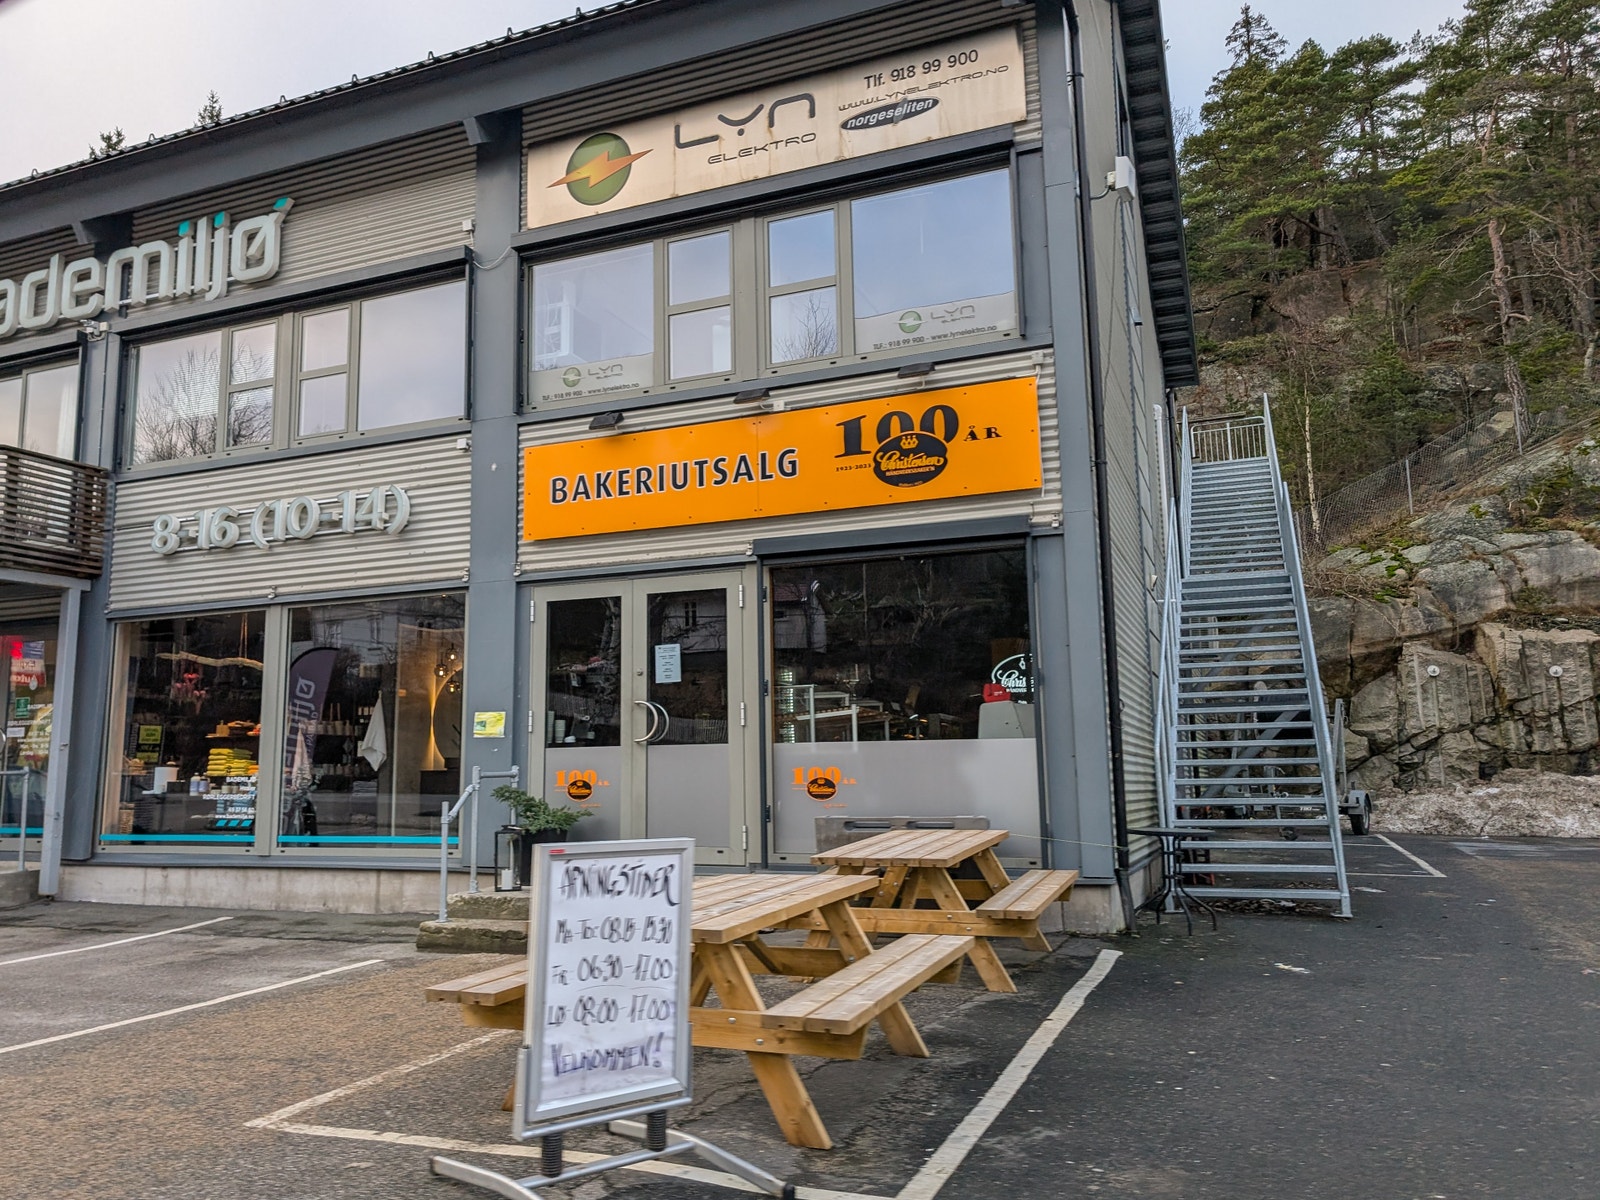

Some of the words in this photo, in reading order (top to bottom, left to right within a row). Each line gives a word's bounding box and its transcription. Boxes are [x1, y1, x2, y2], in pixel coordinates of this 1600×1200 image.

[864, 73, 886, 89] Tlf.
[890, 65, 916, 82] 918
[922, 59, 941, 75] 99
[947, 49, 979, 68] 900
[846, 99, 934, 128] norgeseliten
[707, 132, 817, 165] ELEKTRO
[834, 404, 959, 458] 100
[550, 448, 799, 505] BAKERIUTSALG
[151, 505, 241, 556] 8-16
[250, 484, 411, 550] (10-14)

• What to produce: When you repeat the records, reproduce each line exactly and drop the images.

• Exercise answer:
Some of the words in this photo, in reading order (top to bottom, left to right within a row). Each line gives a word's bounding box and its transcription. Boxes are [x1, y1, x2, y2], in pixel coordinates of this 1600×1200 image.

[864, 73, 886, 89] Tlf.
[890, 65, 916, 82] 918
[922, 59, 941, 75] 99
[947, 49, 979, 68] 900
[846, 99, 934, 128] norgeseliten
[707, 132, 817, 165] ELEKTRO
[834, 404, 959, 458] 100
[550, 448, 799, 505] BAKERIUTSALG
[151, 505, 241, 556] 8-16
[250, 484, 411, 550] (10-14)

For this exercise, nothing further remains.